August 2019

Jurgen Klopp is confident that Liverpool’s dressing room will help Trent Alexander-Arnold handle the pressure of what looks like being his elevation to the role of England’s permanent, first-choice right-back.

Gareth Southgate’s decision to axe veteran Kyle Walker from his England squad on Thursday has paved the way for the in-form Liverpool defender to make the position his own and add to his six caps.

And Klopp has no doubt the defender, who does not turn 21 until October, has the maturity to cope with that added responsibility.

Klopp said: “The group sorts most of these things. Not that Trent needs help in this, he is a really mature boy.

Read more: Liverpool team news: The expected 4-3-3 line-up to play Burnley

“But all the other guys if someone looks like they could fly a bit more than usual then they get it back immediately with the banter.
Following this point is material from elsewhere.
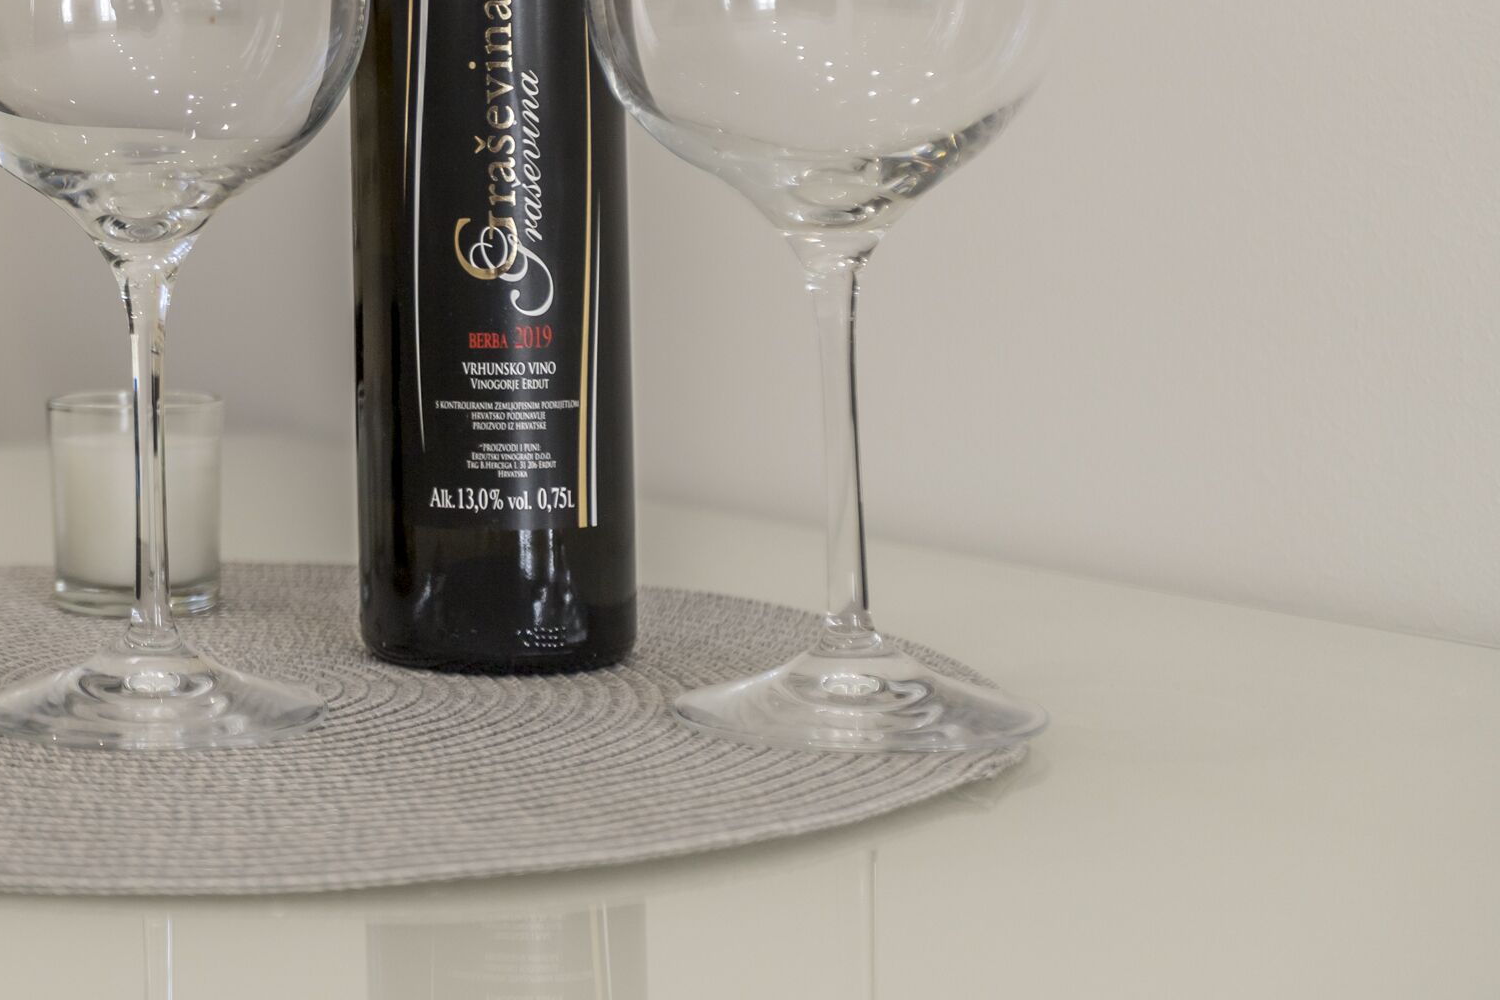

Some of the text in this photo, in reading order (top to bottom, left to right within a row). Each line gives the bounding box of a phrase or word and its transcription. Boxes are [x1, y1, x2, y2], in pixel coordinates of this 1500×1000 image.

So there is no problem.

“From this point of view he is not 20 he is 25-26. But thank God he is 20! He a really mature – much more than I was when I was 20!”

‘That was unbelievable’

Klopp has been Alexander-Arnold’s biggest cheerleader since bringing him into the first team and believes has done enough to make the position with England his own, too.

Klopp added: “I am happy for him if he now has that position and is a bit closer to the first line-up. I think the last England game before the summer that was exceptional.

“After that game I thought ‘wow’ that was unbelievable he was involved in pretty much every offensive situation.”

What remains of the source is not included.